Call LLMs (Azure OpenAI/OpenAI/local) with prompt functions
Build plugins/tools (C# methods) callable by the LLM
Add memory (vector search) and RAG
Orchestrate multi‑step agent workflows (planning, tool‑calling)
Integrate with enterprise services (SharePoint, DB, ERP, etc.)
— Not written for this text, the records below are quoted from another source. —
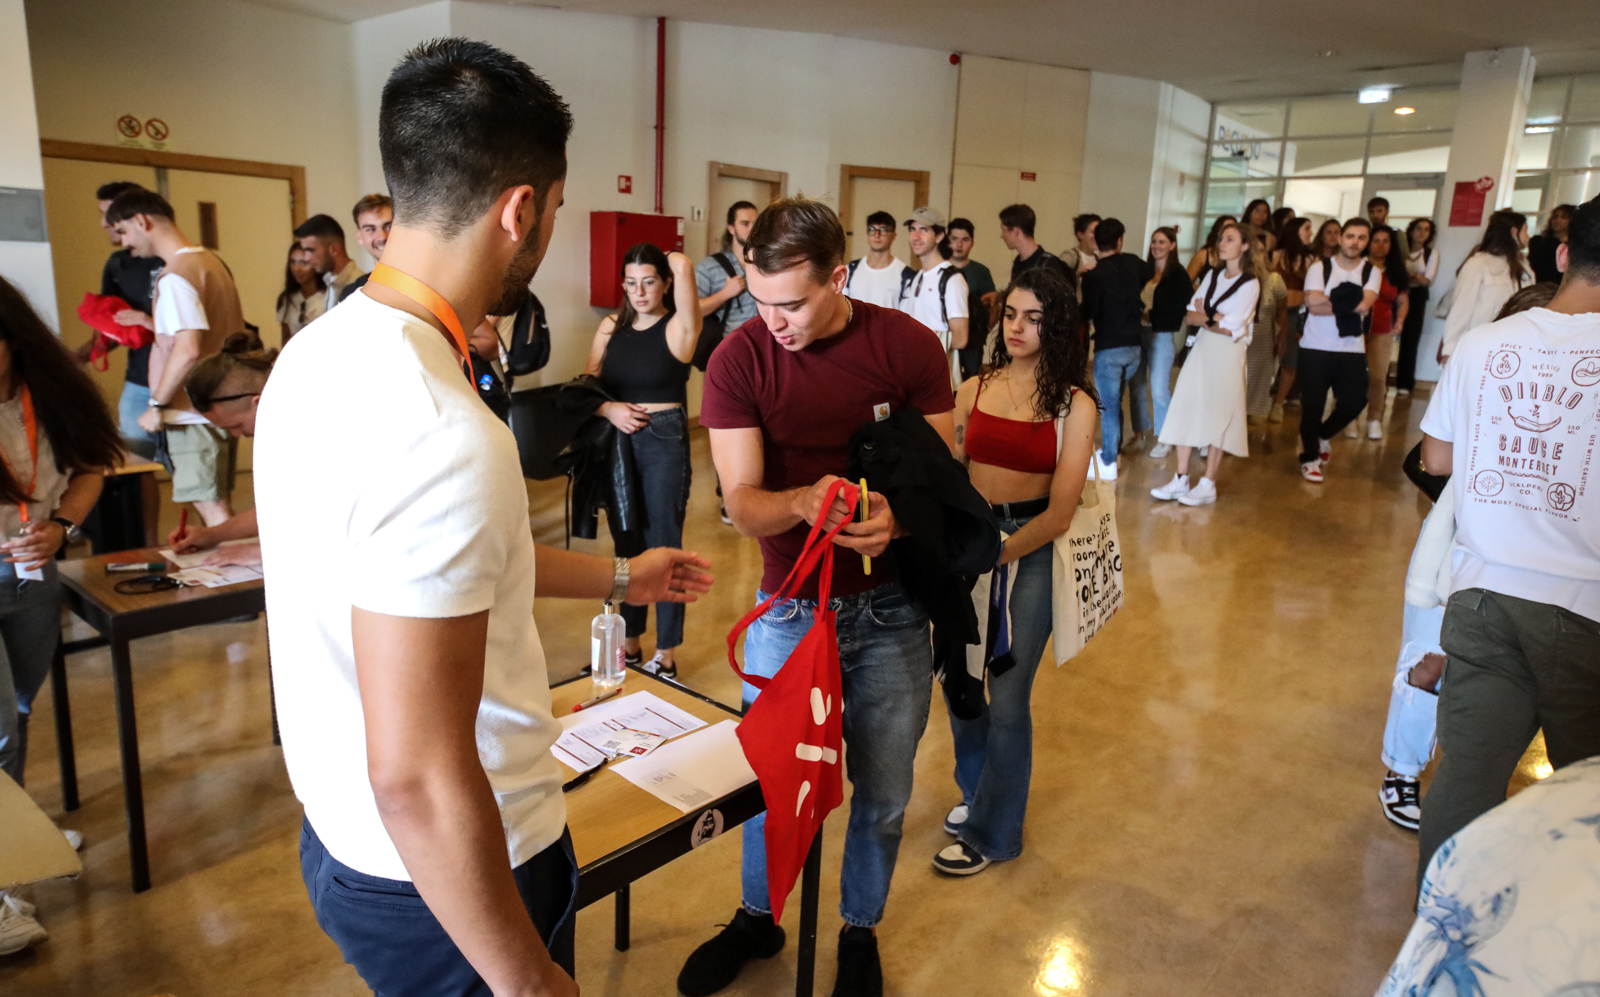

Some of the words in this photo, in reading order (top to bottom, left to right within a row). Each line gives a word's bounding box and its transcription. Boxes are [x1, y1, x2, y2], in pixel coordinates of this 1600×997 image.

[1498, 382, 1583, 410] DIABLO
[1498, 434, 1564, 460] SAUCE
[1589, 434, 1597, 446] USE
[1470, 445, 1478, 471] PEPPERS
[1498, 455, 1558, 476] MONTERREY
[1584, 448, 1593, 465] WITH
[1578, 467, 1589, 496] CAUTION
[1515, 502, 1543, 512] SPECIAL
[1072, 550, 1097, 562] room
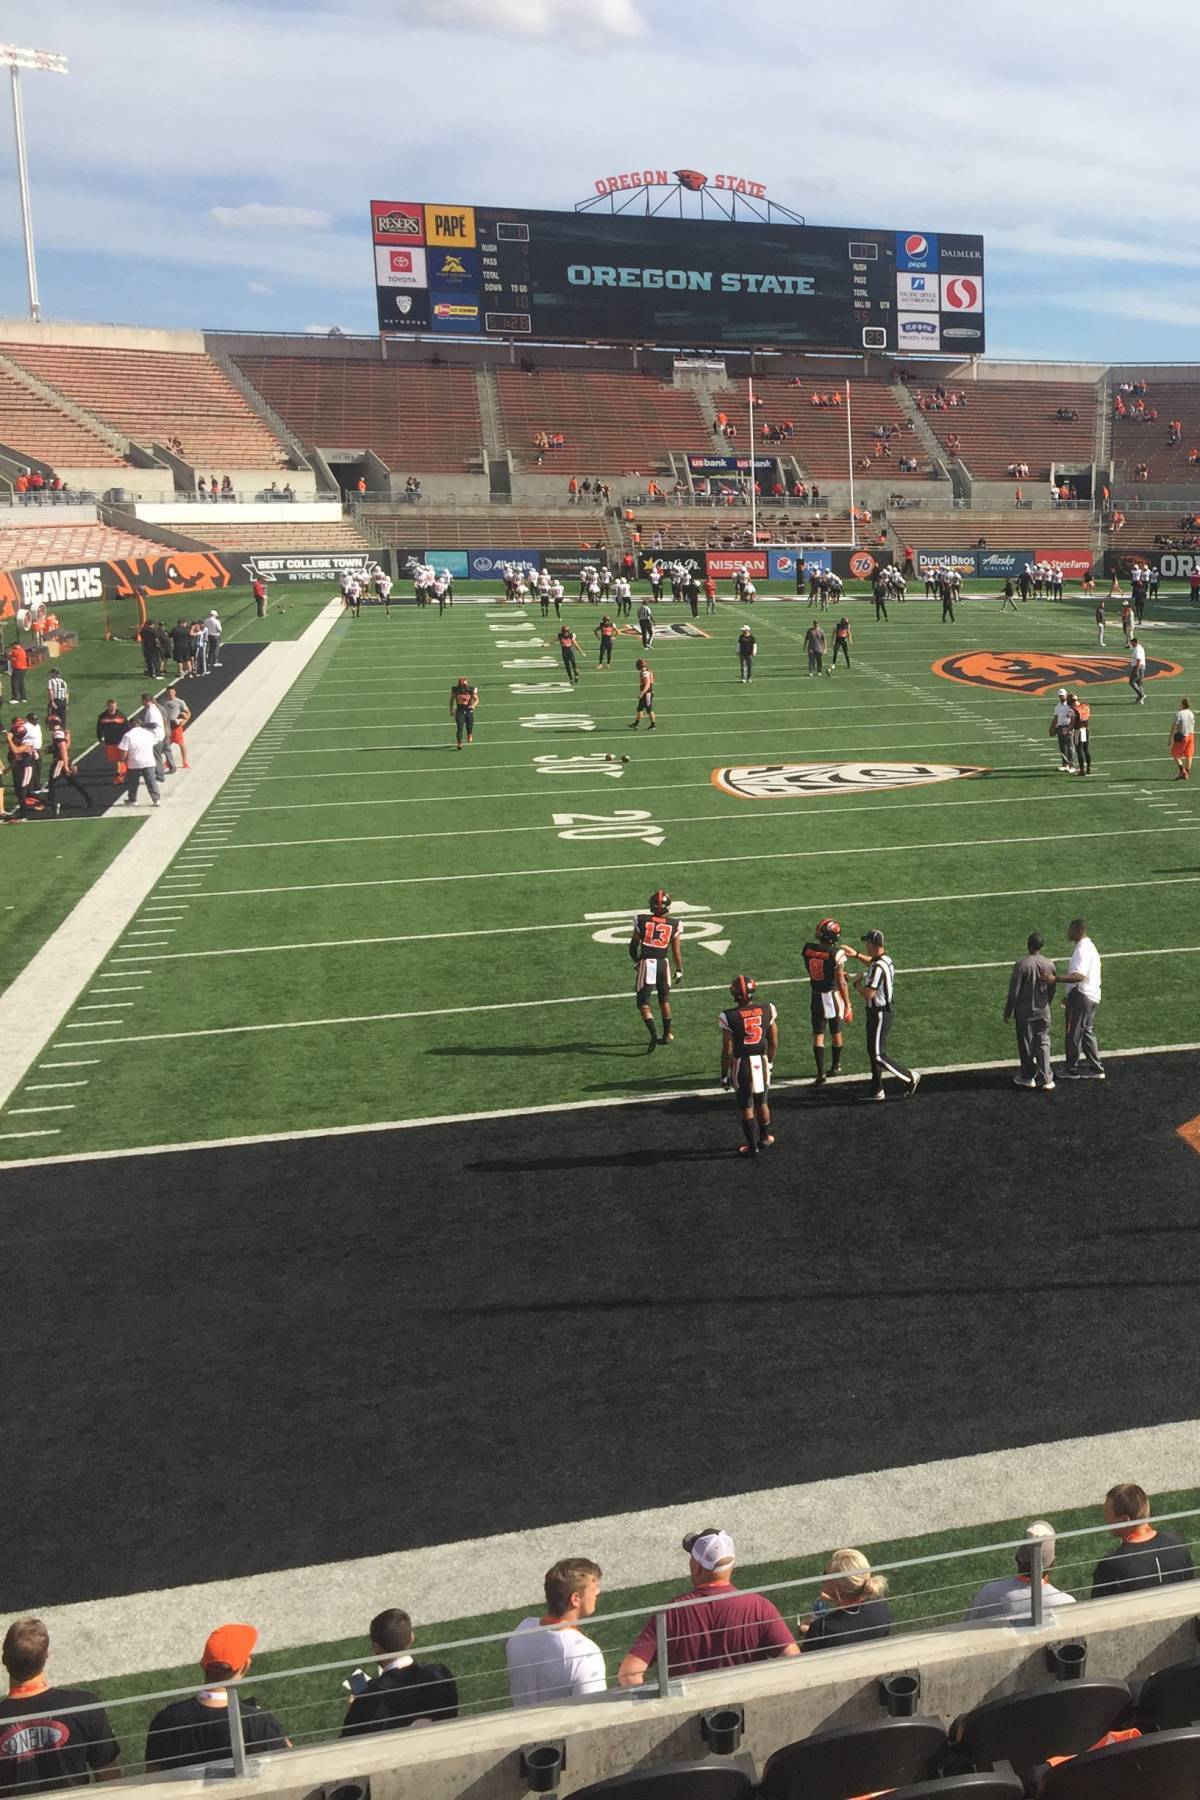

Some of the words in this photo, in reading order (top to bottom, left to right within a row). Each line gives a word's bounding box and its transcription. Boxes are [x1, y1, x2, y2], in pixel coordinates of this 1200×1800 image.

[594, 169, 668, 195] OREGON
[714, 174, 768, 199] STATE
[941, 249, 982, 259] DAIMLER
[482, 257, 498, 266] PASS
[907, 261, 928, 269] pepsi
[387, 276, 417, 284] TOYOTA
[482, 271, 500, 280] TOTAL
[566, 264, 713, 292] OREGON
[720, 272, 816, 295] STATE
[853, 276, 867, 285] PASS
[853, 288, 869, 297] TOTAL
[257, 559, 286, 570] BEST
[287, 558, 333, 569] COLLEGE
[332, 557, 363, 568] TOWN
[708, 558, 766, 571] NISSAN
[855, 557, 876, 570] 76
[981, 553, 1016, 565] Alaska
[288, 573, 298, 581] IN
[297, 573, 312, 581] THE
[312, 572, 336, 581] PAC-12
[20, 567, 103, 605] BEAVERS
[551, 809, 666, 841] 20
[644, 921, 674, 949] 13
[743, 1015, 763, 1045] 5
High‑level Architecture (ASCII)

2. Prerequisites

.NET 8 SDK (recommended)
Visual Studio 2022 or VS Code (C# Dev Kit)
Azure OpenAI (preferred for enterprise) or OpenAI API key

3. Project Setup

Create a console app:

dotnet new console -n SkDotnetDemo
cd SkDotnetDemo

Add NuGet packages (versions evolve; use latest stable):

dotnet add package Microsoft.SemanticKernel
dotnet add package Microsoft.SemanticKernel.Connectors.OpenAI
dotnet add package Azure.AI.OpenAI   # for advanced Azure OpenAI scenarios (optional)
dotnet add package Microsoft.Extensions.Configuration
dotnet add package Microsoft.Extensions.Configuration.Json
dotnet add package Microsoft.Extensions.Hosting
dotnet add package Microsoft.Extensions.Logging.Console

appsettings.json (add to project root):

{
  "AI": {
    "UseAzureOpenAI": true,
    "AzureOpenAI": {
      "Endpoint": "https://YOUR-RESOURCE.openai.azure.com/",
      "ApiKey": "YOUR-AZURE-OPENAI-KEY",
      "Deployment": "gpt-4o-mini"
    },
    "OpenAI": {
      "ApiKey": "YOUR-OPENAI-KEY",
      "Model": "gpt-4o-mini"
    }
  },
  "VectorMemory": {
    "Provider": "None", // or "AzureAISearch", "Pinecone", etc.
    "AzureAISearch": {
      "Endpoint": "https://YOUR-SEARCH.search.windows.net",
      "ApiKey": "YOUR-SEARCH-ADMIN-KEY",
      "Index": "sk-mem-index"
    }
  }
}

4. Quick Start (Hello, Kernel)

Program.cs

using Microsoft.Extensions.Configuration;
using Microsoft.Extensions.DependencyInjection;
using Microsoft.Extensions.Hosting;
using Microsoft.Extensions.Logging;
using Microsoft.SemanticKernel;
using Microsoft.SemanticKernel.Connectors.OpenAI;

var host = Host.CreateDefaultBuilder(args)
    .ConfigureAppConfiguration(cfg =>
    {
        cfg.AddJsonFile("appsettings.json", optional: false, reloadOnChange: true);
    })
    .ConfigureLogging(lb => lb.AddConsole())
    .Build();

var config = host.Services.GetRequiredService<IConfiguration>();
var useAzure = config.GetValue<bool>("AI:UseAzureOpenAI");

var builder = Kernel.CreateBuilder();

if (useAzure)
{
    builder.AddAzureOpenAIChatCompletion(
        deploymentName: config["AI:AzureOpenAI:Deployment"]!,
        endpoint: config["AI:AzureOpenAI:Endpoint"]!,
        apiKey: config["AI:AzureOpenAI:ApiKey"]!
    );
}
else
{
    builder.AddOpenAIChatCompletion(
        modelId: config["AI:OpenAI:Model"]!,
        apiKey: config["AI:OpenAI:ApiKey"]!
    );
}

var kernel = builder.Build();

// Create a prompt function inline
var summarizeFn = kernel.CreateFunctionFromPrompt("""
You are a concise assistant. Summarize the following in 1-2 sentences:
---
{{$input}}
""");

var text = """
Semantic Kernel helps orchestrate LLMs, plugins (tools), memory, and plans
to build production AI apps in .NET.
""";

var result = await kernel.InvokeAsync(summarizeFn, new()
{
    ["input"] = text
});

Console.WriteLine("Summary:");
Console.WriteLine(result);

Run:

dotnet run

5. Prompt Functions & Streaming

Prompt with Parameters & System Role

var analyzer = kernel.CreateFunctionFromPrompt("""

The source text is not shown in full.